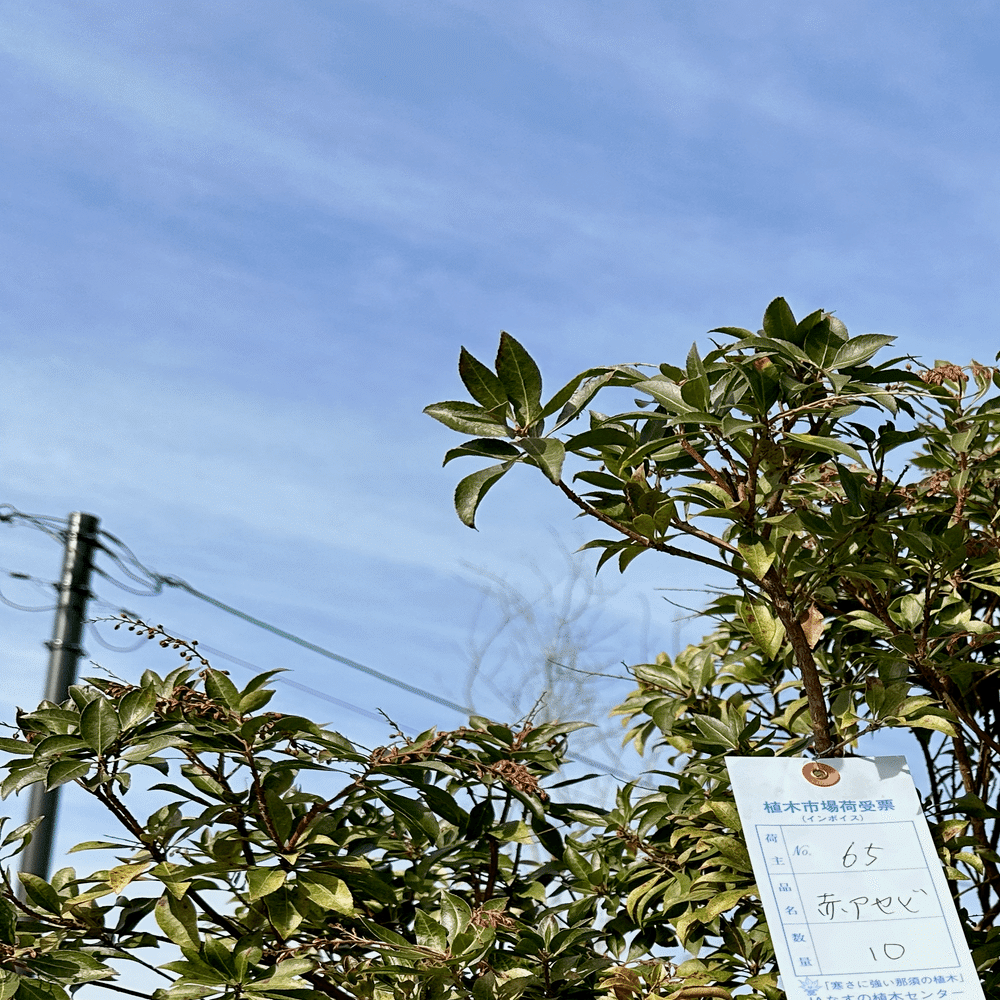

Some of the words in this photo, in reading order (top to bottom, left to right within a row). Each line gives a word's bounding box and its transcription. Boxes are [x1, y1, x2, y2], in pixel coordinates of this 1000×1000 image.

[763, 799, 896, 814] 植木市場荷受票
[842, 841, 884, 868] 65
[778, 882, 798, 916] 品名
[816, 888, 928, 920] 赤アセビ
[791, 933, 813, 967] 数量
[869, 943, 906, 961] 10

= = = = =

*Requirement:* Give back the records exactly, minus any pictures.

*Task response:*
Some of the words in this photo, in reading order (top to bottom, left to right within a row). Each line gives a word's bounding box and its transcription. Boxes are [x1, y1, x2, y2], in pixel coordinates of this 1000×1000 image.

[763, 799, 896, 814] 植木市場荷受票
[842, 841, 884, 868] 65
[778, 882, 798, 916] 品名
[816, 888, 928, 920] 赤アセビ
[791, 933, 813, 967] 数量
[869, 943, 906, 961] 10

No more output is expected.